For patients with relatively minor deformities that are flexible, orthotics can provide relief. In a high-arch foot, the heel is tilted inwards; hence, we want an orthotic that tilts the heel back towards neutral.

  • The inexpensive method of tilting the heel is with a “lateral heel wedge,” which can be purchased at a DME store or on Amazon.com (silicone or cotton versions available). Dr. Bohl recommends this as a cost-effective starting point for most patients.

  • The more expensive method of tilting the heel is with a custom orthotic, manufactured by an orthotist, to precisely fit your foot. When properly manufactured, these orthotics also have a “recessed first ray,” which facilitates further correction. Dr. Bohl can write a prescription for such a custom orthotic and you can have it made at your local orthotist.

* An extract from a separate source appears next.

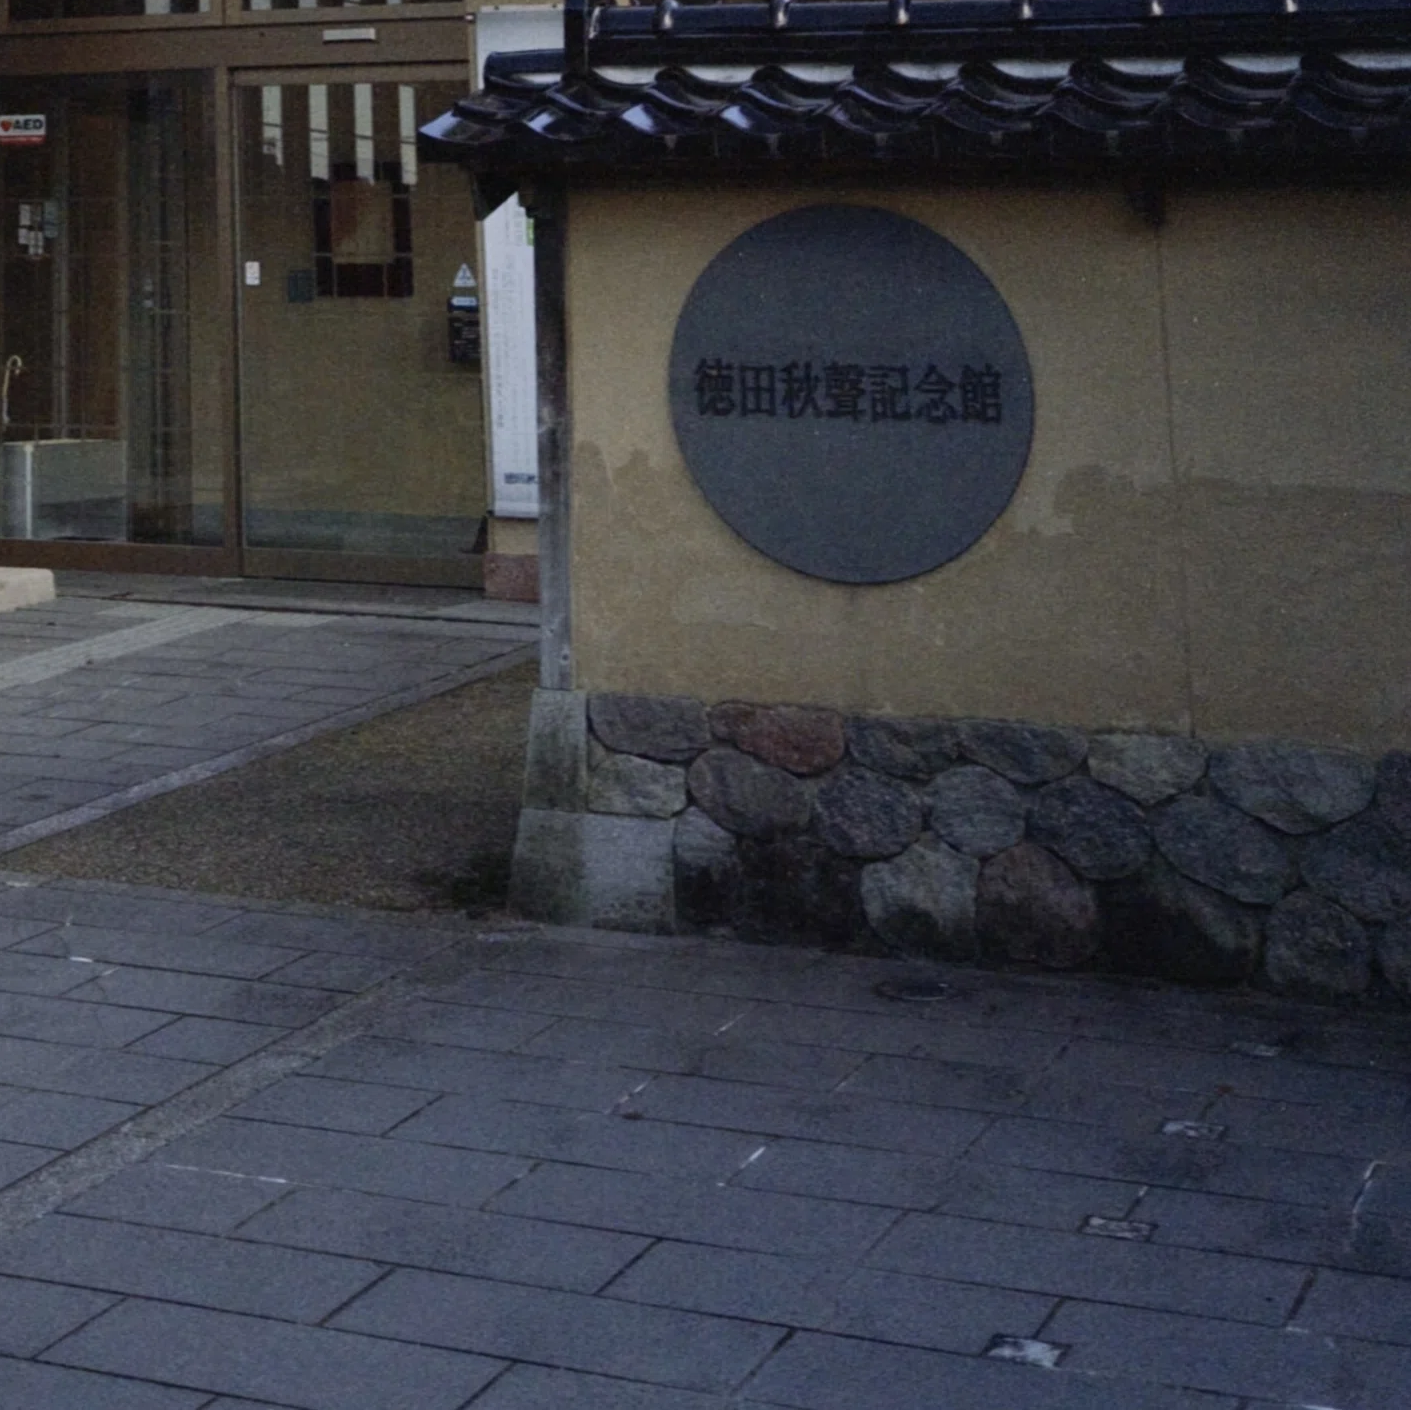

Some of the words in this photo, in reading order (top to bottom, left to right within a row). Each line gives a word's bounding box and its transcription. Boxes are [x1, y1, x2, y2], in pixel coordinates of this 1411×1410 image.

[13, 118, 44, 130] AED
[693, 357, 1003, 426] 徳田秋聲記念館

For patients with more major deformities, a brace that goes up higher, crossing the ankle, may be required. The best brace is called an “Arizona brace” and can be manufactured by an orthotist to fit your ankle. The goal here is not to correct the deformity, but to provide stability and symptomatic relief. Other methods of symptomatic relief for arthritic deformity include anti-inflammatory medications and steroid injections.


Surgical treatment

After trying the nonsurgical modalities mentioned above, the most definitive management of a persistently symptomatic high-arch foot is through surgical correction. The procedure Dr. Bohl will propose depends on whether or not there is arthritis associated with your deformity:

High arch without arthritis:

For patients with high arches but no arthritis, Dr. Bohl will flatten the arch through tendon transfers, ligament lengthenings, and bone cuts. No joints need to be fused in these cases, because the joints are still working well. The two bones that are typically cut to change their shape are the calcaneus and first metatarsal bones. The plantar fascia ligament is lengthened to relax the bottom of the foot. Finally, the posterior tibial tendon, which typically supports the arch like one of the vertical cables on a suspension bridge, is lengthened or moved to weaken its effect. Because no joints are fused in the process, flexibility of the foot and ankle are maintained.

High arch with arthritis:

High arch with arthritis: For patients with rigid deformities and foot arthritis, Dr. Bohl will perform a foot reshaping procedure in which he fuses the three joints of the hindfoot: the subtalar, talonavicular, and calcaneocuboid joints. This procedure is known as a “triple fusion.” Sometimes patietns worry that a fusion will reduce their range of motion. The reality is that for patient with arthritis of the hindfoot, these joints don’t move much anyway. Dr. Bohl will say that a triple arthrodesis changes these “stiff and painful” joints into “stiff and painless” joints. The fusion will also be performed in such a manner that the arch is lowered, relieving the other symptoms of high-arch foot.